(Exercise materials)

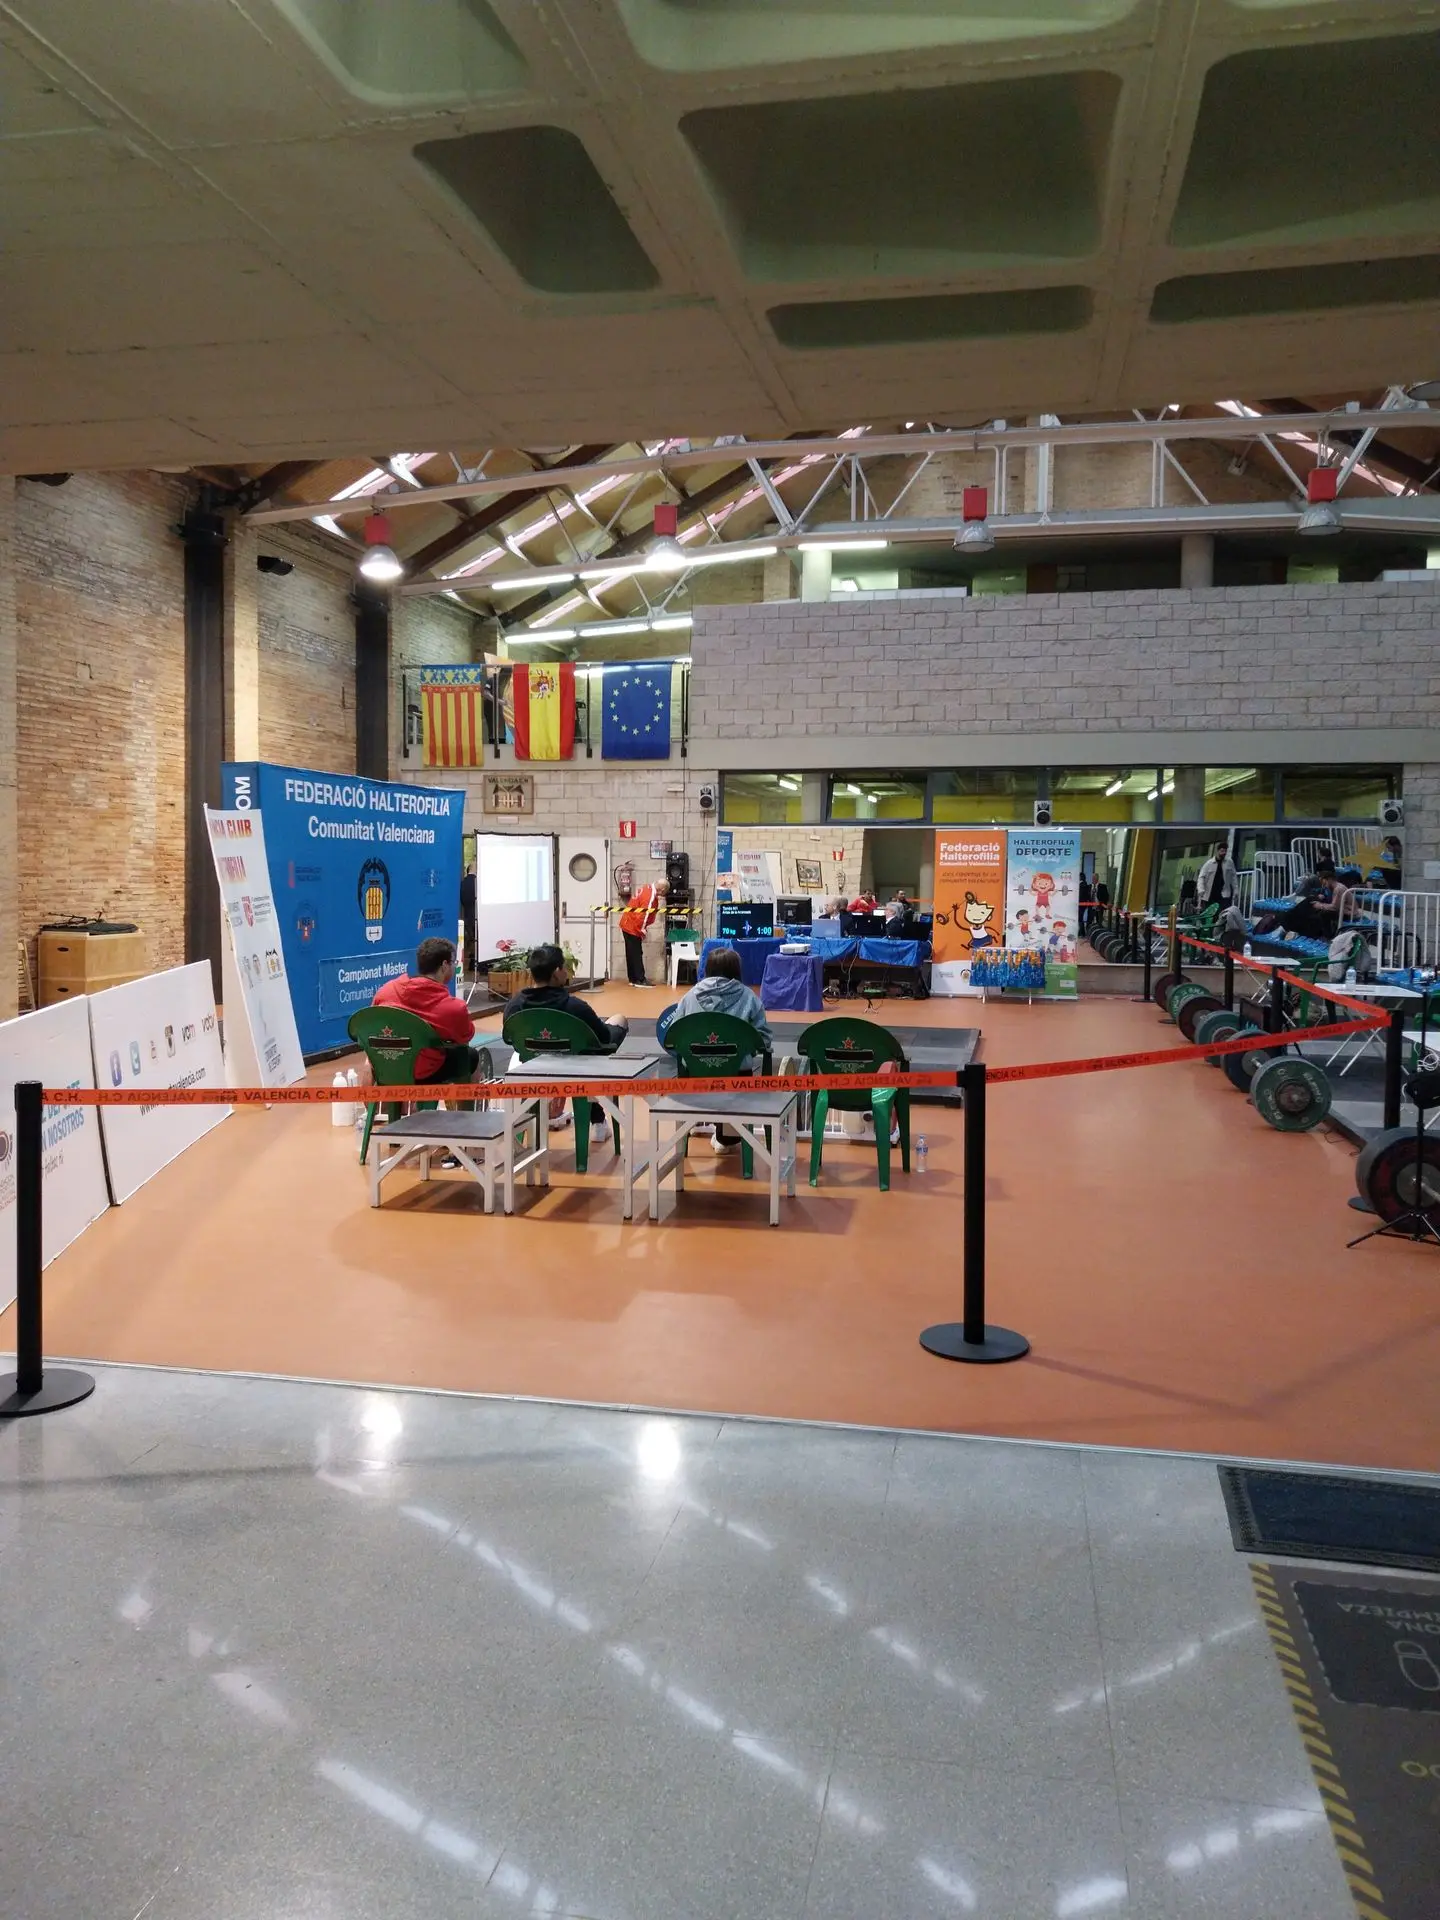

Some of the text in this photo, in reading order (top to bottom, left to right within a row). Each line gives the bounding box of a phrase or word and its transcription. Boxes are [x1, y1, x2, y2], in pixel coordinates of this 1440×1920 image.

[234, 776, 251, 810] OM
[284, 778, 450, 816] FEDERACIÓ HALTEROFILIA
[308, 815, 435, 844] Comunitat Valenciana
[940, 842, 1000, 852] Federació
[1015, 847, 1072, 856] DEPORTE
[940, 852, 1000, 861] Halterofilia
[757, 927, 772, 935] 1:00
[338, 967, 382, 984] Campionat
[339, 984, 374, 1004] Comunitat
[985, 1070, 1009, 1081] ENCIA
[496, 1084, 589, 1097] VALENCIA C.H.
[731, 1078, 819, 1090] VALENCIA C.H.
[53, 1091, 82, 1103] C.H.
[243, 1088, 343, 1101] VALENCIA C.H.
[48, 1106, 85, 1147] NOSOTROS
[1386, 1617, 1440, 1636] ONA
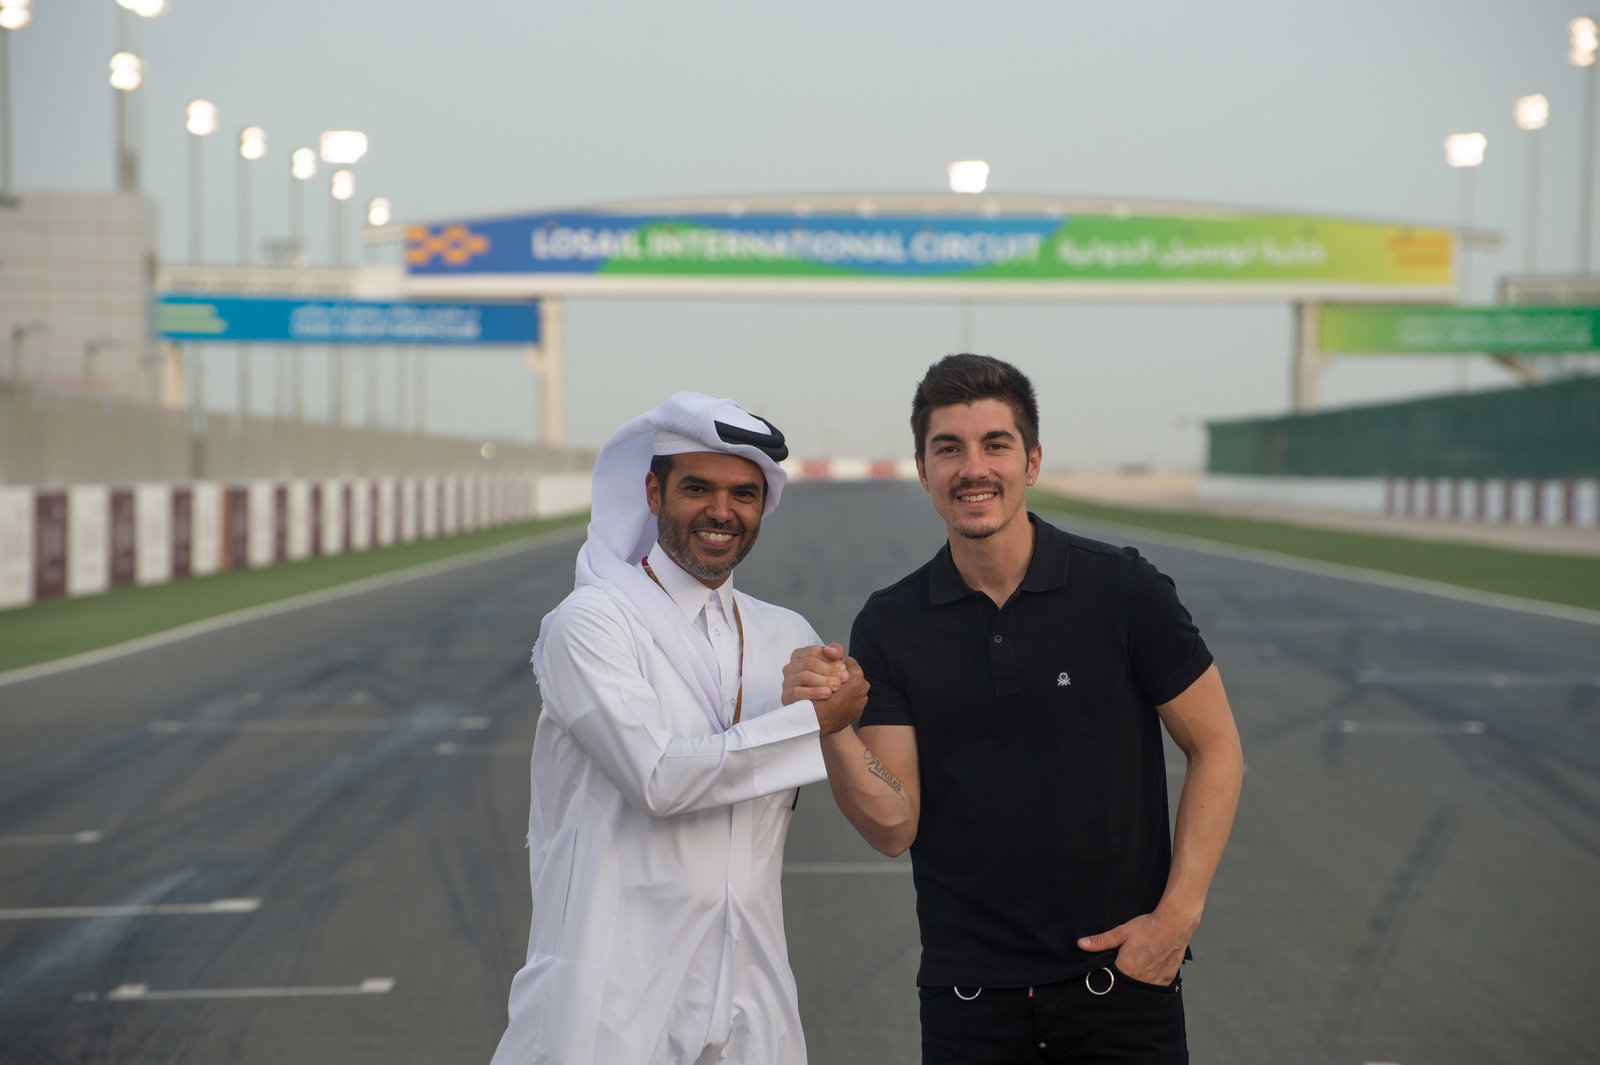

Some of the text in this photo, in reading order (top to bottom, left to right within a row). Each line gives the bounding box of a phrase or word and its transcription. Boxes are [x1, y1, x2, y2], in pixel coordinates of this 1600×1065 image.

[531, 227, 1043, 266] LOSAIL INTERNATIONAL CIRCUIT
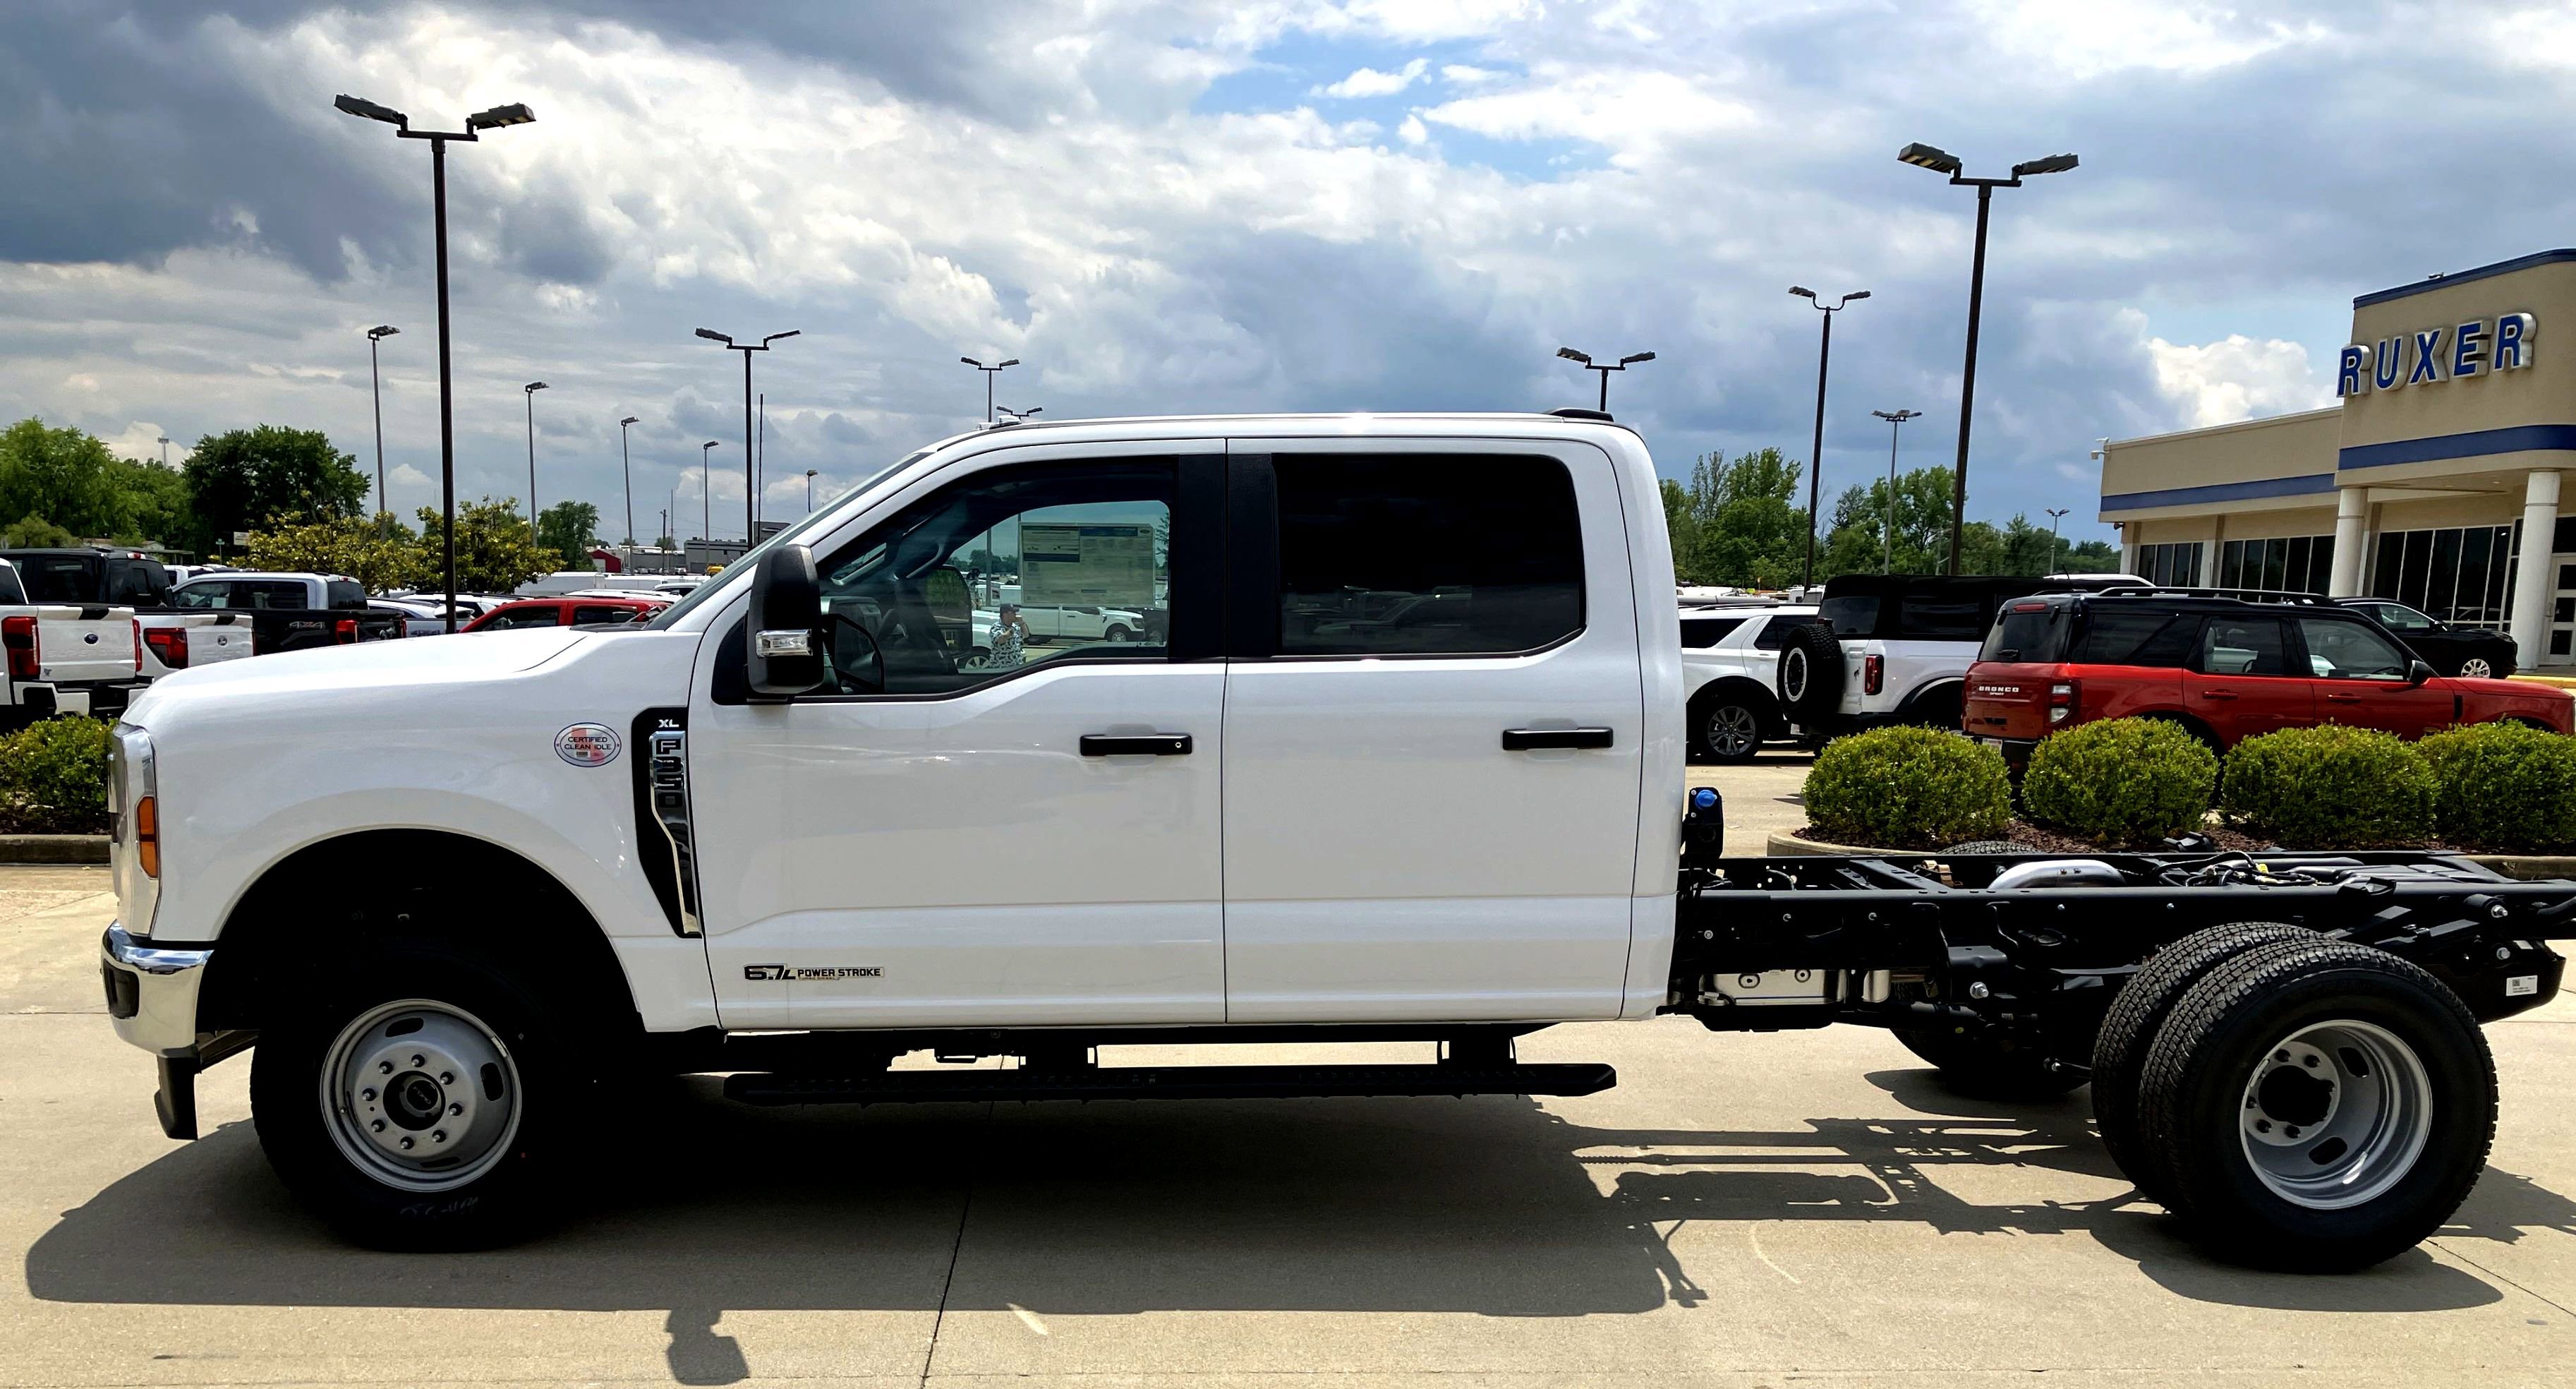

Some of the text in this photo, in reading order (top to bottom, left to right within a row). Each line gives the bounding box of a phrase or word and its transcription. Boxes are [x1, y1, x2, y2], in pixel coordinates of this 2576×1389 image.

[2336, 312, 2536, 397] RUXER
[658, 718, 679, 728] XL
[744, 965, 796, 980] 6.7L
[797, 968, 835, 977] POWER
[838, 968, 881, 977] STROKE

(End Exercise materials)

Work request: Please repeat the records above exactly, leaving every picture out.

Expected answer:
Some of the text in this photo, in reading order (top to bottom, left to right within a row). Each line gives the bounding box of a phrase or word and its transcription. Boxes are [x1, y1, x2, y2], in pixel coordinates of this 1440×1920 image.

[234, 776, 251, 810] OM
[284, 778, 450, 816] FEDERACIÓ HALTEROFILIA
[308, 815, 435, 844] Comunitat Valenciana
[940, 842, 1000, 852] Federació
[1015, 847, 1072, 856] DEPORTE
[940, 852, 1000, 861] Halterofilia
[757, 927, 772, 935] 1:00
[338, 967, 382, 984] Campionat
[339, 984, 374, 1004] Comunitat
[985, 1070, 1009, 1081] ENCIA
[496, 1084, 589, 1097] VALENCIA C.H.
[731, 1078, 819, 1090] VALENCIA C.H.
[53, 1091, 82, 1103] C.H.
[243, 1088, 343, 1101] VALENCIA C.H.
[48, 1106, 85, 1147] NOSOTROS
[1386, 1617, 1440, 1636] ONA

Some of the text in this photo, in reading order (top to bottom, left to right within a row). Each line gives the bounding box of a phrase or word and its transcription. Boxes are [x1, y1, x2, y2], in pixel coordinates of this 1600×1065 image.

[531, 227, 1043, 266] LOSAIL INTERNATIONAL CIRCUIT

Some of the text in this photo, in reading order (top to bottom, left to right within a row). Each line gives the bounding box of a phrase or word and its transcription. Boxes are [x1, y1, x2, y2], in pixel coordinates of this 2576×1389 image.

[2336, 312, 2536, 397] RUXER
[658, 718, 679, 728] XL
[744, 965, 796, 980] 6.7L
[797, 968, 835, 977] POWER
[838, 968, 881, 977] STROKE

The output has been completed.